--- Problem ---
Your answer must be a word-for-word copy of the listing, with all pictures excluded.

--- Source material ---

- Opening Delimiter -

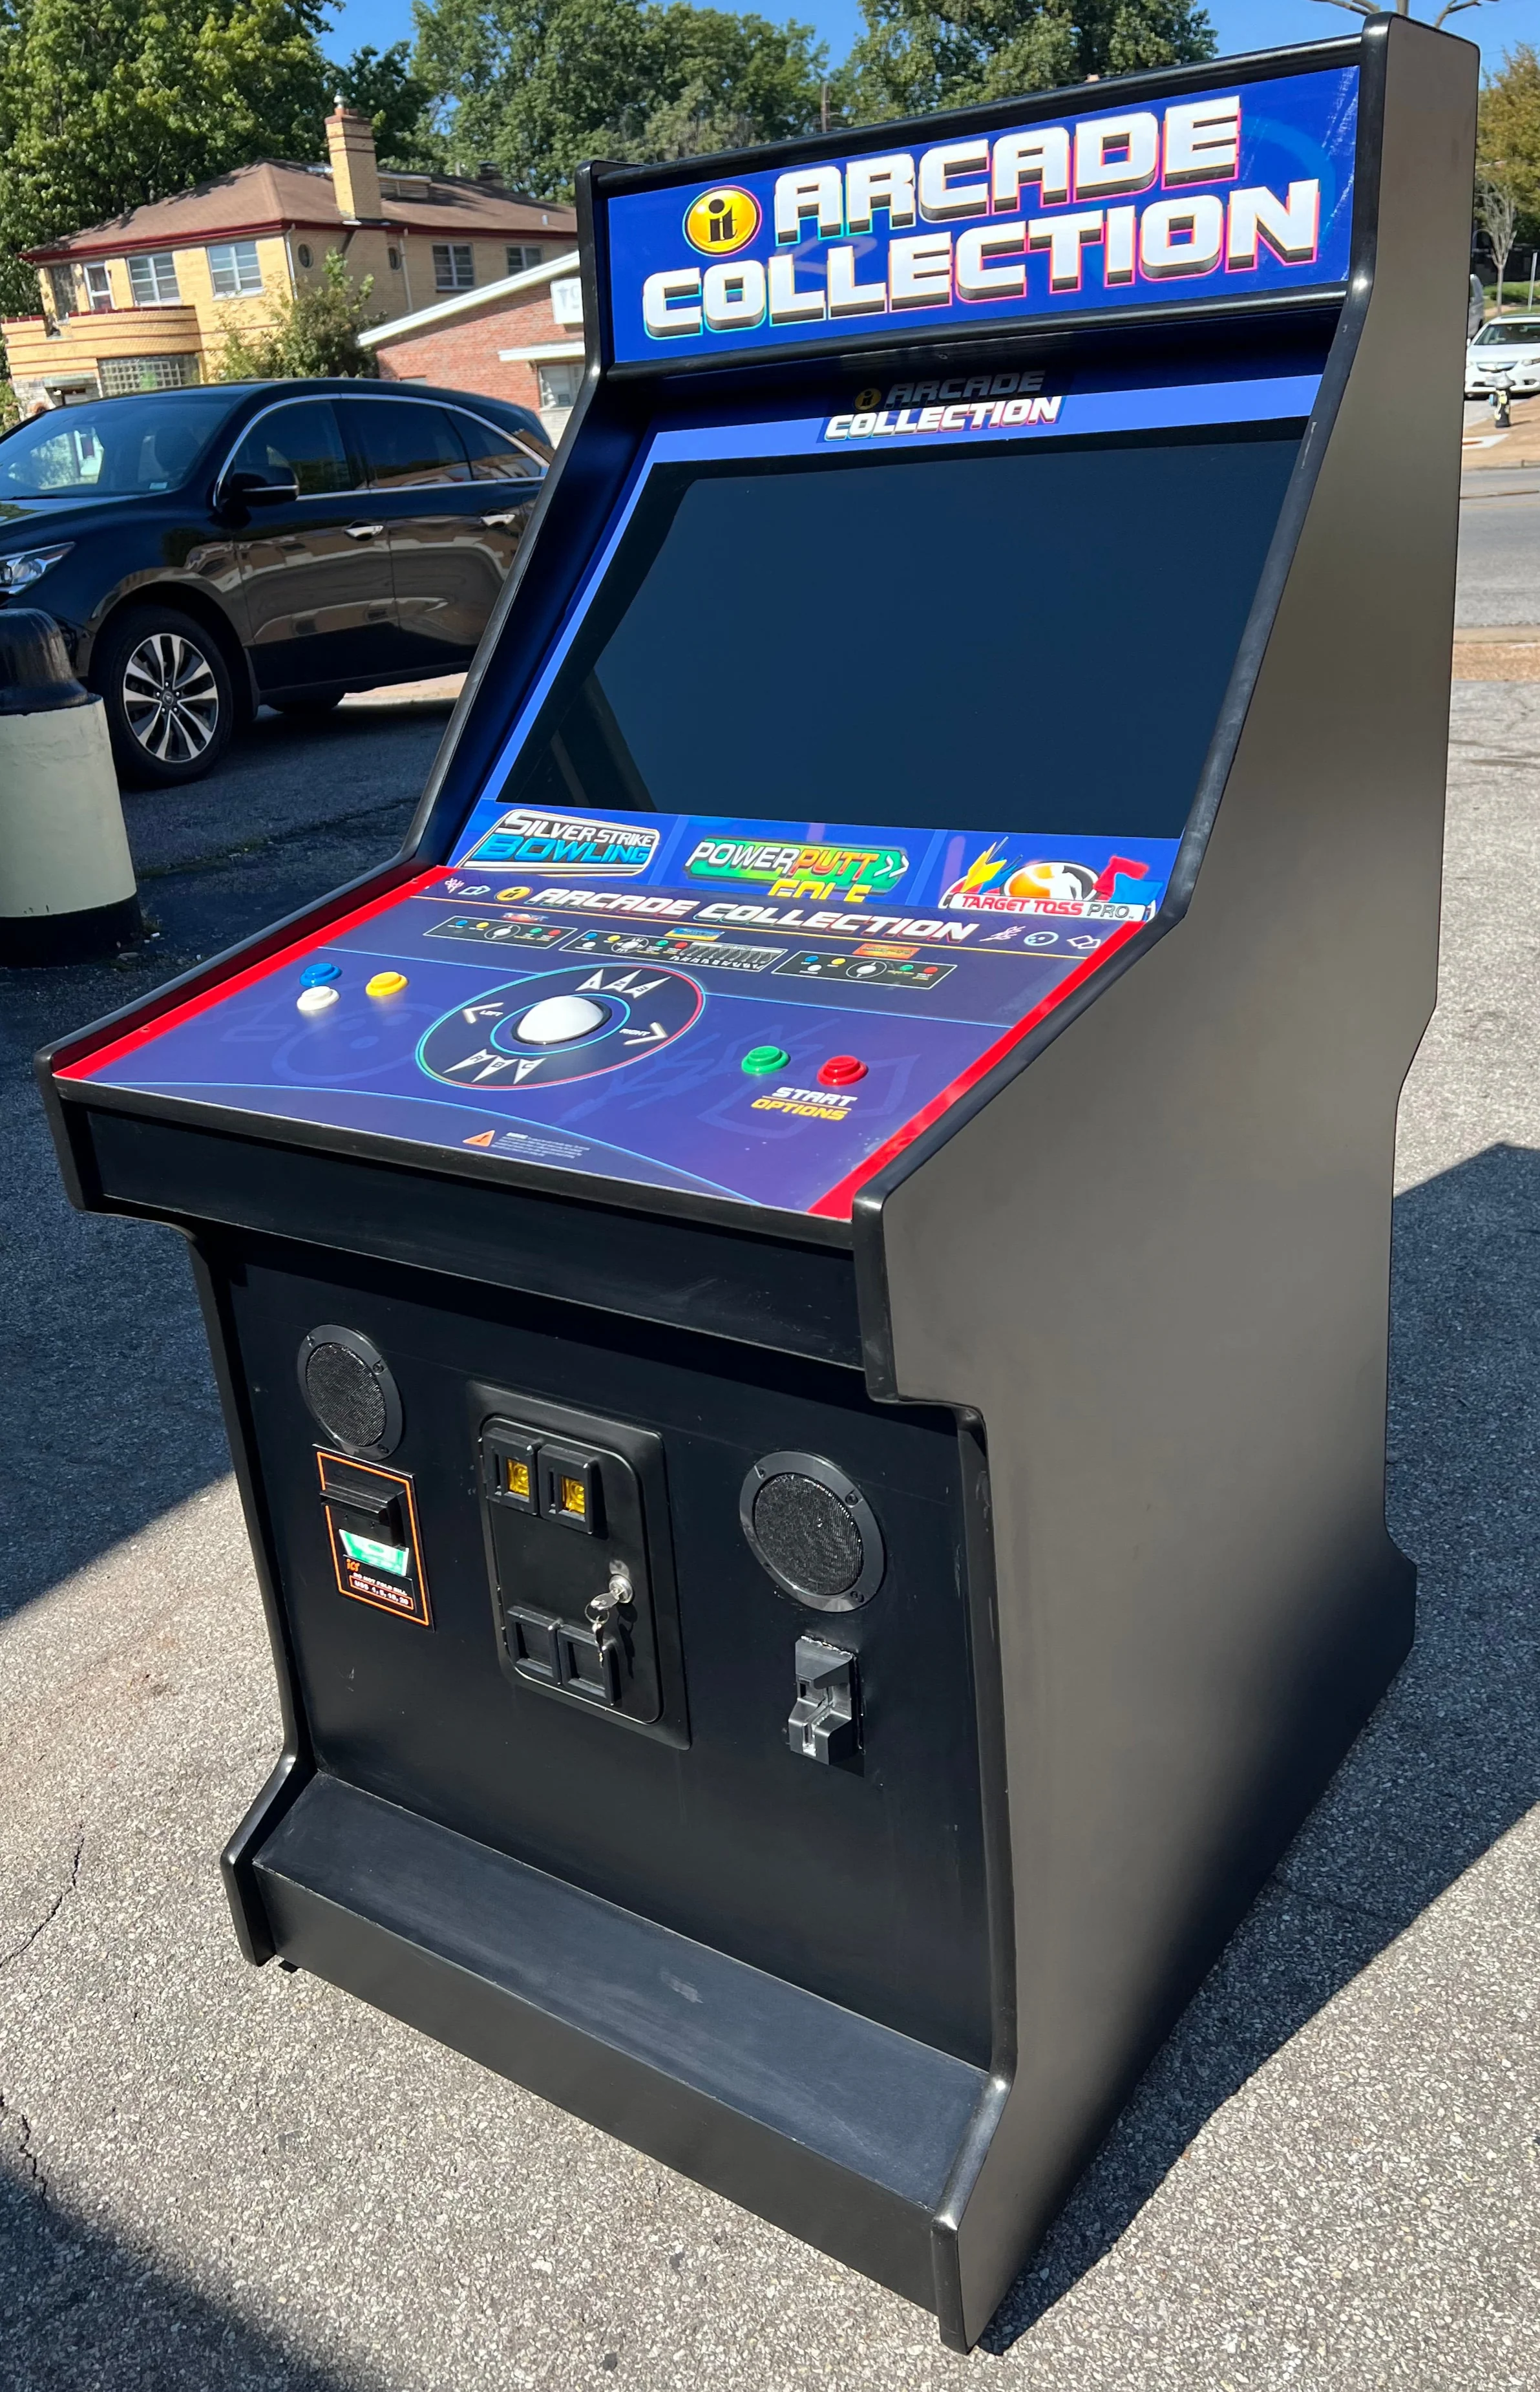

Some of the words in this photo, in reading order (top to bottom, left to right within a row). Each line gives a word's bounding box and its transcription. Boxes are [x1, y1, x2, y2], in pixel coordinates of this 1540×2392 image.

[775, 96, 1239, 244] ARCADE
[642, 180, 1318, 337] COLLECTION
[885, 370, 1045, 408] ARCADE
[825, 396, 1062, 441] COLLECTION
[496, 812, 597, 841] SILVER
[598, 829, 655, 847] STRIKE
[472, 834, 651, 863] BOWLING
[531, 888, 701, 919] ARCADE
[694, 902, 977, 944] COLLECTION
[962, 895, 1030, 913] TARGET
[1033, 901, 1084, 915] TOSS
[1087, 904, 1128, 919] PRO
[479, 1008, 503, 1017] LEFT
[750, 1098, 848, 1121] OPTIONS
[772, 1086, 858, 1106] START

- Closing Delimiter -

--- Output of the exercise ---
Some of the words in this photo, in reading order (top to bottom, left to right within a row). Each line gives a word's bounding box and its transcription. Boxes are [x1, y1, x2, y2], in pixel coordinates of this 1540×2392 image.

[775, 96, 1239, 244] ARCADE
[642, 180, 1318, 337] COLLECTION
[885, 370, 1045, 408] ARCADE
[825, 396, 1062, 441] COLLECTION
[496, 812, 597, 841] SILVER
[598, 829, 655, 847] STRIKE
[472, 834, 651, 863] BOWLING
[531, 888, 701, 919] ARCADE
[694, 902, 977, 944] COLLECTION
[962, 895, 1030, 913] TARGET
[1033, 901, 1084, 915] TOSS
[1087, 904, 1128, 919] PRO
[479, 1008, 503, 1017] LEFT
[750, 1098, 848, 1121] OPTIONS
[772, 1086, 858, 1106] START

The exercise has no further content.